表3 菌株7-1-1的生理生化试验结果Table 3 Physiological and biochemical tests results of strain 7-1-1

续表

2.3.3 分子生物学鉴定

对菌株7-1-1的5.8S-ITS区序列进行PCR扩增，PCR扩增产物经过1%琼脂糖凝胶电泳检测，结果见图2。由图2可知，PCR扩增产物目的条带清晰，碱基长度约为600 bp，与预期结果相符。

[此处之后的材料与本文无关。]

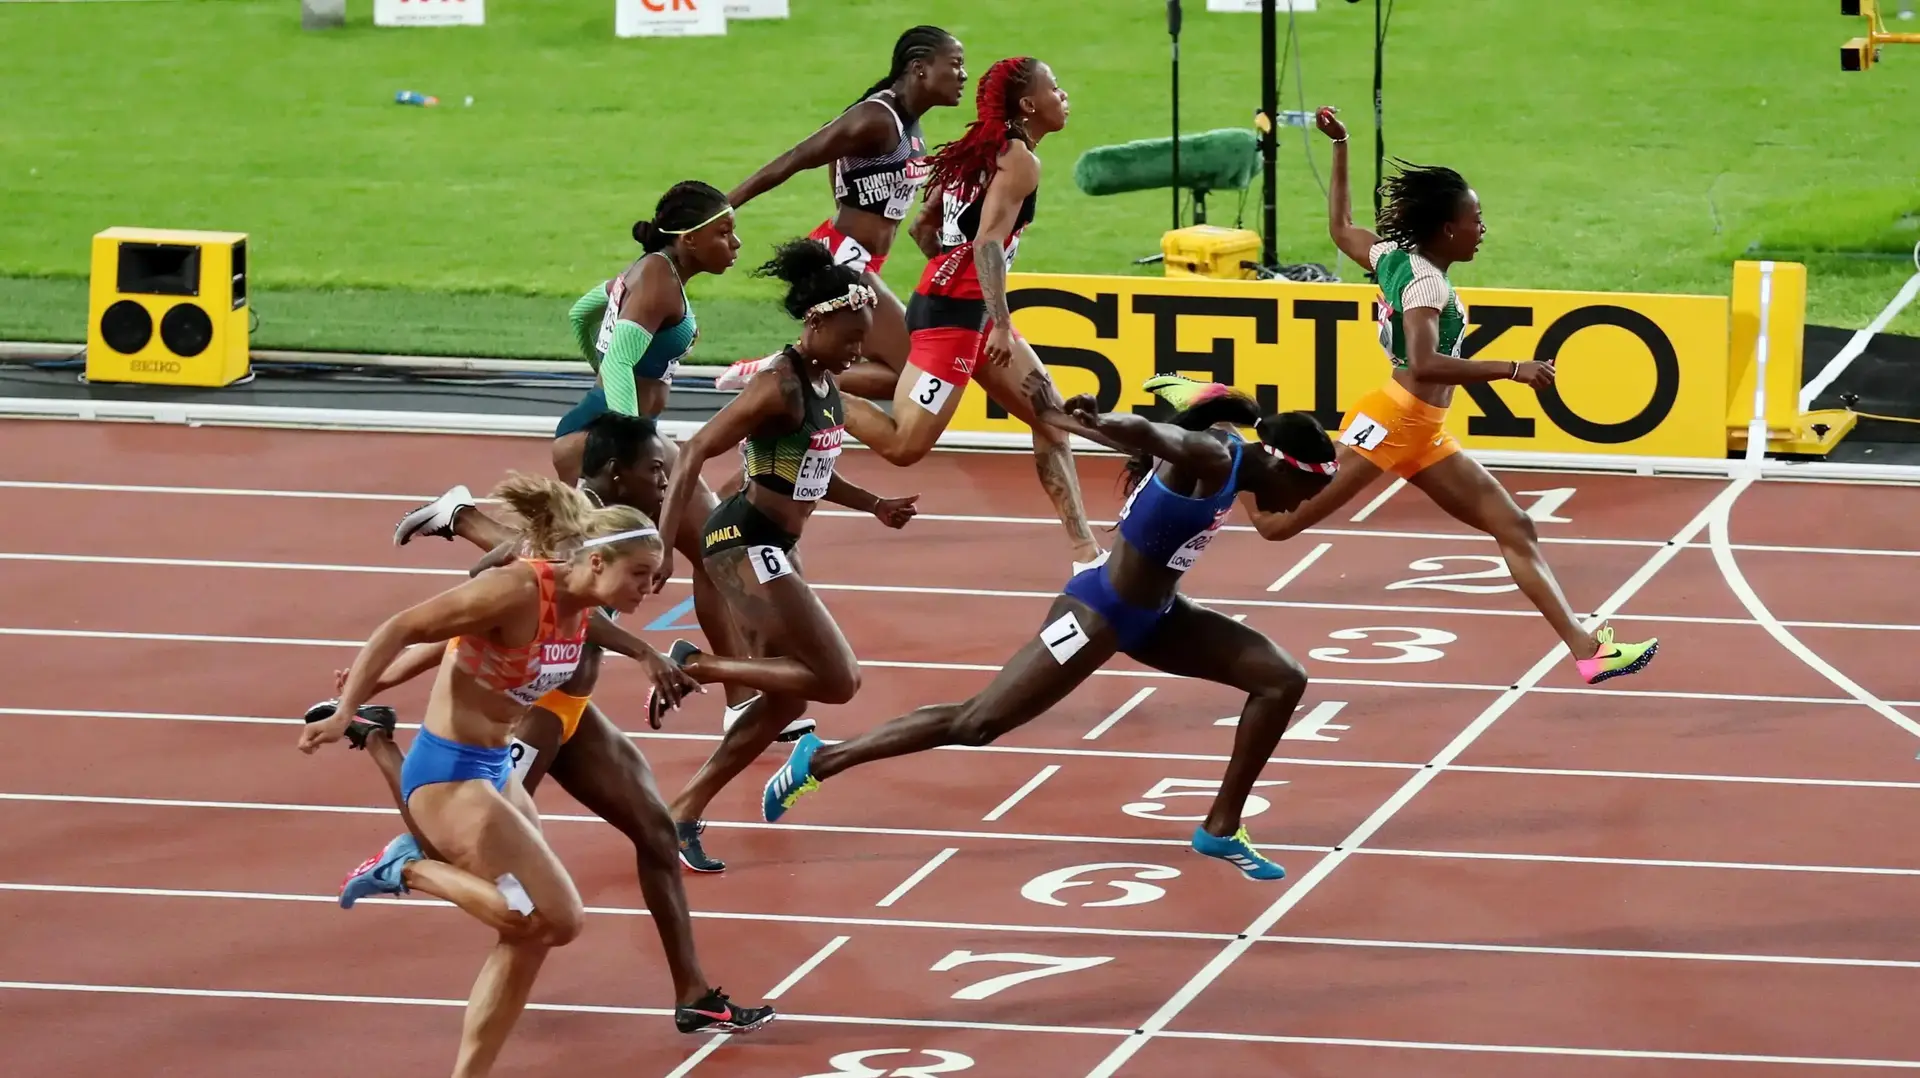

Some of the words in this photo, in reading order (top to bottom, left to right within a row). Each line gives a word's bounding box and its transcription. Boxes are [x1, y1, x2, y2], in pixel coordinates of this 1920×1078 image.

图2 菌株7-1-1 PCR扩增产物的琼脂糖凝胶电泳结果Fig. 2 Agarose electrophoresis result of PCR product of strain 7-1-1

PCR扩增产物经测序后，构建菌株7-1-1的系统发育树，结果见图3。由图3可知，菌株7-1-1与异常威克汉姆酵母（Wickerhamomyces anomalus）（以前为Pichia anomala）聚于同一分支，亲缘关系最近，因此结合形态学及生理生化，鉴定菌株7-1-1为异常威克汉姆酵母（Wickerhamomyces anomalus），该菌株的登录号为GenBank MZ420152。

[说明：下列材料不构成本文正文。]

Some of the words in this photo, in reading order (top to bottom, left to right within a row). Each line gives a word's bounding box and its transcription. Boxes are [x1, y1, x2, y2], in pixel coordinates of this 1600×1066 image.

图3 基于5.8S-ITS基因序列菌株7-1-1的系统进化树Fig. 3 Phylogenetic tree of strain 7-1-1 based on 5.8S-ITS gene sequences

2.4 菌株7-1-1的耐受性试验结果

2.4.1 低pH耐受性

pH对酵母菌的生长代谢有较大影响，能影响细胞间的代谢传递及酶活性，在较低或较高的pH下可使酵母菌死亡[24]。不同低pH值下，菌株7-1-1的生长曲线见图4。由图4可知，随着培养基初始pH值的降低，菌株7-1-1的生长变缓慢。当培养基的初始pH为3.5时，菌株7-1-1的OD600nm值最大，生长情况最好；当培养基的初始pH为1.5时，菌株仍可生长，说明该菌株可耐低pH。李棒等[12]从蓝莓果皮及特香型白酒酒醅中分离的一株异常威克汉逊酵母在培养基起始pH为2.5、3.0、3.5时可以生长；史雁飞[25]从白酒大曲及酒醅分离的一株异常威克汉逊酵母在pH为3.6时生长得最好，说明W.anomalus的生长受pH影响较小，有较强的耐酸性。相较于之前的研究报道，菌株7-1-1的耐酸性较为突出，达到了pH 1.5。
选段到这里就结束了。